05.07.2013 0

Establishment Beware: Lessons From the UK Elections

By Robert Romano

Another strong showing by the insurgent UK Independence Party (UKIP) is sending shockwaves across the British political landscape.

In local county council elections on May 2, the party led by Nigel Farage picked up major ground with as much as 23 percent of the popular vote across the country, winning more than 140 seats, according to BBC News.

Farage’s party barely trailed in the popular vote, placing just behind the conservative Tories that received 25 percent of the vote, and Labour at 29 percent — all the while surging past the Liberal Democrats, which received just 14 percent of the vote.

In the South Shields by-election for the British House of Commons, UKIP did even better, finishing second place with 24 percent of the vote behind the Labour candidate. Critically, UKIP finished almost 13 points ahead of the Tory candidate there.

Remarkably, in 2010, UKIP had not even competed for that seat.

This followed another strong second-place showing in the Feb. 28 special election for the Eastleigh of Hampshire seat, with the party beating the Tories 27 to 25 percent. That was after only winning 3 percent of the vote for the same seat in 2010.

This is a party on the rise, and with European parliamentary elections set for 2014, and UK national elections due by 2015, UKIP appears poised to make big gains.

“We’ve been abused by everybody, attacked by the entire establishment who did their best to stop ordinary decent people going out and voting UKIP, and they have done in big, big numbers,” UKIP’s Farage told Sky News.

“By the end of today we are going to have a fair tally — and it sends a shock wave, I think, through the establishment,” he added.

UKIP, a party calling for British withdrawal from the European Union, has surged under Farage’s leadership since 2010, when the European sovereign debt crisis began. To placate UKIP voters, Conservative party leader and Prime Minister David Cameron has promised a referendum on the question — but only if the Tories are reelected in 2015.

Mike Shedlock of Mish’s Global Economic Analysis fame called Cameron’s ploy an “impossible carrot,” writing, “he has promised a referendum only if he wins the next election for prime minister, and then only if he negotiates certain changes in the treaty that Europe is not going to go along with.”

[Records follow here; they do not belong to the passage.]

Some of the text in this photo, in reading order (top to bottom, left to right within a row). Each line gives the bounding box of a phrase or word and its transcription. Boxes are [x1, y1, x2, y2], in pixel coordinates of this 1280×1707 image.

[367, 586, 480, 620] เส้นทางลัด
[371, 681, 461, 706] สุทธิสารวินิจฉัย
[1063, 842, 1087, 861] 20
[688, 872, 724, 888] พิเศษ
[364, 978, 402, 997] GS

Shedlock added, “Cameron has attempted to satisfy UKIP with the pledge of a carrot that cannot possibly be won.”

Former Conservative Party chairman and Margaret Thatcher cabinet minister Norman Tebbit has recently warned Cameron that “If you kick your core voters hard enough, Mr. Cameron, they might kick back.”

After 20 years of the trend in British politics moving towards greater integration with Europe — only to end in economic disaster across the continent — such a tepid response by Cameron plainly shows the state of disarray the Tories are in.

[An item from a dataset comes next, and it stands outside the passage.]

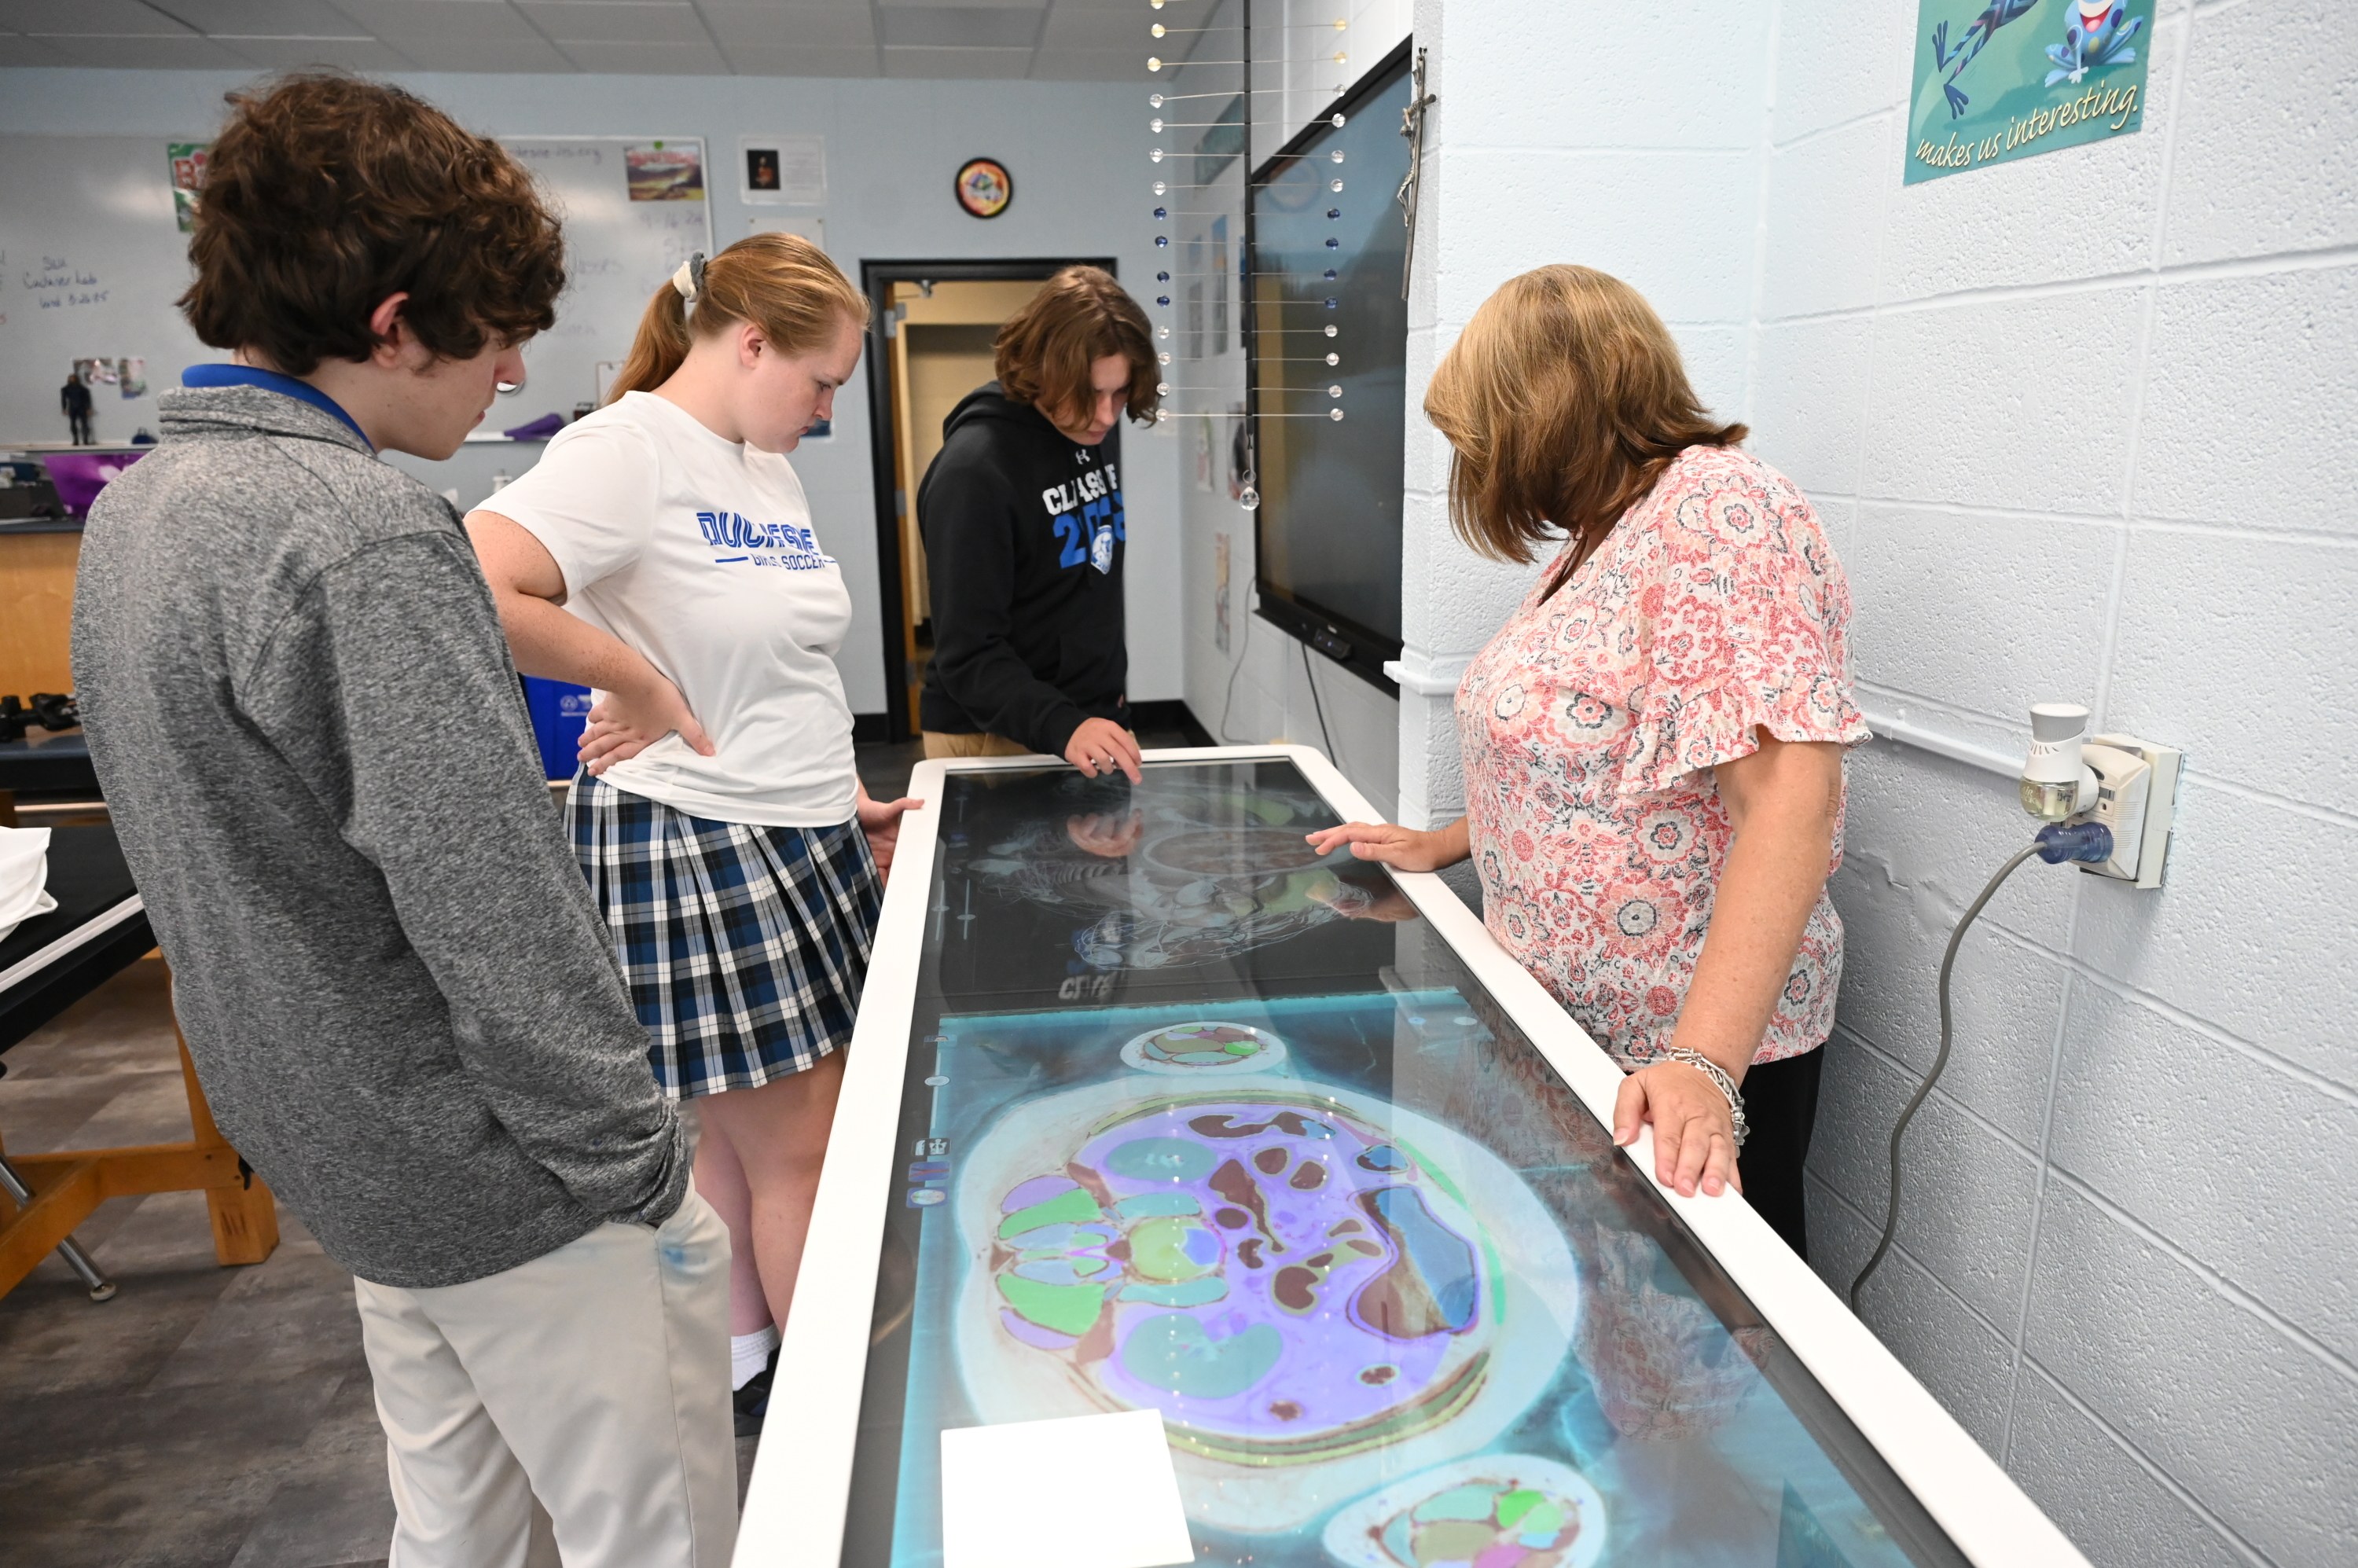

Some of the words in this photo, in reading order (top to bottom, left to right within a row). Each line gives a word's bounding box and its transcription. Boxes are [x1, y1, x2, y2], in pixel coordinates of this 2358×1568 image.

[1915, 131, 1974, 168] makes
[1978, 132, 2002, 162] us
[2006, 79, 2139, 151] interesting.

They have become a party with no identity, struggling to shore up its right flank in the face of sincere opposition, unable to deal with the major economic issues confronting the nation and a growing welfare state.

Sound familiar? One might write a similar epitaph for Republicans in the U.S. — which under the leadership of House Speaker John Boehner has all but consigned tea party and conservative supporters of Republicans, which helped them win in 2010, to the kook fringe of American politics.

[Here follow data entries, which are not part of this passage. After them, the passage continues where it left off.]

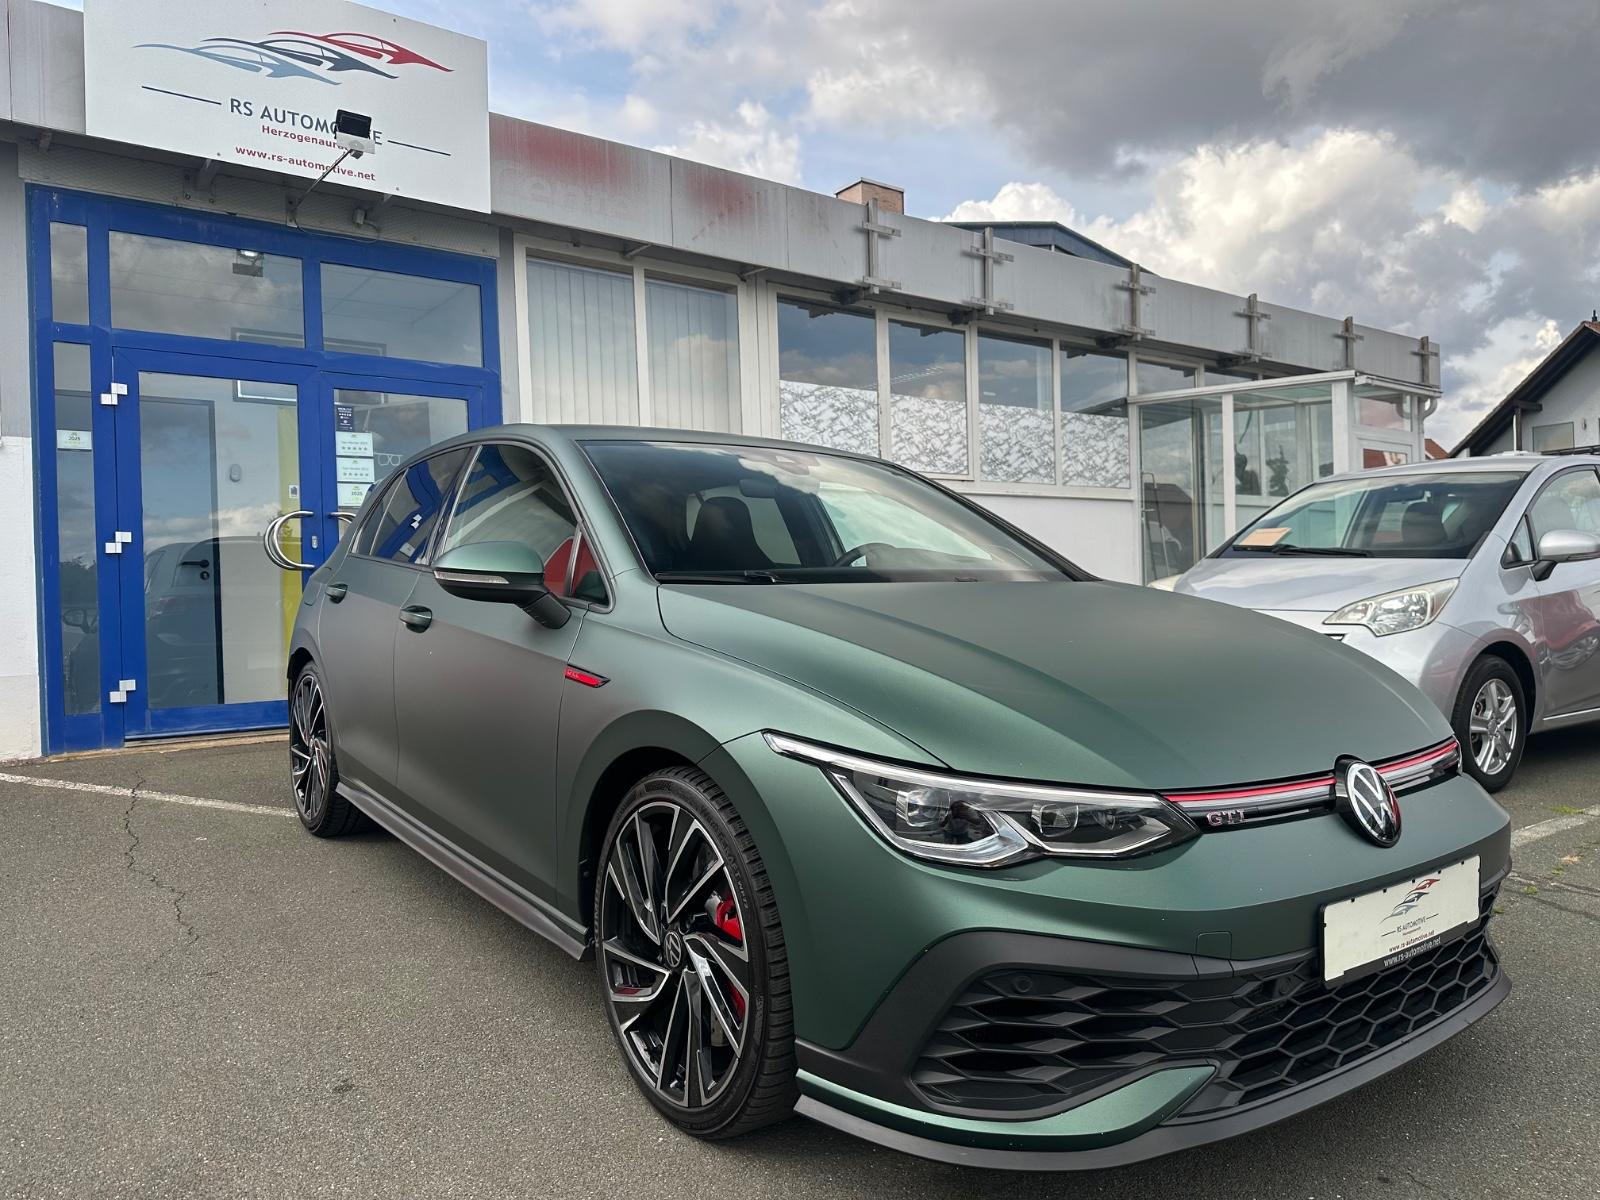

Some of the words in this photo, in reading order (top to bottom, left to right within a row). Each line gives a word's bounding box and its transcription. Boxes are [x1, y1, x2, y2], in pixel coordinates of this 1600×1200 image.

[230, 98, 253, 117] RS
[260, 106, 382, 146] AUTOMOE
[262, 125, 347, 151] Herzogenaur
[235, 146, 376, 181] www.rs-automotive.net
[1206, 808, 1246, 827] GTI
[1383, 936, 1441, 967] www.rs-automotive.net

In 2010, Republicans promised to cut spending by $100 billion in 2011. Instead spending increased by $146 billion that year. For 2013, while sequestration provided for $53 billion of real cuts to outlays, this was completely offset by spending increases for the unpaid-for hurricane disaster relief and unemployment benefits extensions.

The GOP also abandoned its historical place as the anti-tax party when it agreed in December to raise taxes on those making more than $400,000 a year, and couples making more than $450,000. That included many small businesses who were all but thrown under the bus to placate the White House.

Republicans have also promised to defund Obamacare, which with the House, they could accomplish — they do have the power of the purse. They could prevent the entire government from spending any money if they chose to cut off financing via the debt ceiling or continuing resolution.

They have failed. The new health care law will be implemented unimpeded by Republicans in just 9 months. At the state level, Republicans are acquiescing to Obamacare. In Ohio, Arizona, Florida, New Jersey, Virginia, and Michigan, Republican governors have set the stage for expanding Medicaid by more than 3 million enrollees.

Americans for Limited Government’s Bill Wilson recently noted that “That’s 3 million more government dependents in some of the most contentious presidential election states in the country, particularly in Florida, Virginia, and Ohio, without which Republicans will never reclaim the White House.”

He added, “The only hope now for those states is that legislatures have the courage to correct their governors’ mistakes.”

Wilson called the UKIP insurgency is a teachable moment for Republicans, concluding, “The UK Independents are poised to shove the Conservative Party to the side and assume the role of loyal opposition.  If the establishment continues with its attacks on the base of the GOP, if they continue their surrender moves and policy surrenders, if they attack real conservatives with their liberals in drag, the GOP could find itself in the same position as the Tories.”

Perhaps the only thing lacking for such an insurgency — so far — is a leader willing to buck the GOP.

Robert Romano is the Senior Editor of Americans for Limited Government.